(Dataset entries)
═══

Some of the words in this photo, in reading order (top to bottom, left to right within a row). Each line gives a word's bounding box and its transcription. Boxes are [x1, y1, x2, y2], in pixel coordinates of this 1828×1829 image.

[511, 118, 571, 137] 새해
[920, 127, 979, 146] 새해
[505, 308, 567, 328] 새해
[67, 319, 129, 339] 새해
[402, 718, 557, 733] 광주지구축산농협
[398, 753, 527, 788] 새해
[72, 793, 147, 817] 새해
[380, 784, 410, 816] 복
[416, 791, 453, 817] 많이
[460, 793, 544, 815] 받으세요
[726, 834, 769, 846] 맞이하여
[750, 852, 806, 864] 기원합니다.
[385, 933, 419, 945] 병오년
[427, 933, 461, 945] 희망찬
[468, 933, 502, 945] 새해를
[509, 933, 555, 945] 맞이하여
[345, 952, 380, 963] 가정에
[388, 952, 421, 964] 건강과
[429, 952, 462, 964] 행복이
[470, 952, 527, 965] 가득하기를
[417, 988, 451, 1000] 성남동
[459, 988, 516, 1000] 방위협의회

═══

● **Your goal**:
An exact copy of all the records above is the required answer.

● **Written response**:
Some of the words in this photo, in reading order (top to bottom, left to right within a row). Each line gives a word's bounding box and its transcription. Boxes are [x1, y1, x2, y2], in pixel coordinates of this 1828×1829 image.

[511, 118, 571, 137] 새해
[920, 127, 979, 146] 새해
[505, 308, 567, 328] 새해
[67, 319, 129, 339] 새해
[402, 718, 557, 733] 광주지구축산농협
[398, 753, 527, 788] 새해
[72, 793, 147, 817] 새해
[380, 784, 410, 816] 복
[416, 791, 453, 817] 많이
[460, 793, 544, 815] 받으세요
[726, 834, 769, 846] 맞이하여
[750, 852, 806, 864] 기원합니다.
[385, 933, 419, 945] 병오년
[427, 933, 461, 945] 희망찬
[468, 933, 502, 945] 새해를
[509, 933, 555, 945] 맞이하여
[345, 952, 380, 963] 가정에
[388, 952, 421, 964] 건강과
[429, 952, 462, 964] 행복이
[470, 952, 527, 965] 가득하기를
[417, 988, 451, 1000] 성남동
[459, 988, 516, 1000] 방위협의회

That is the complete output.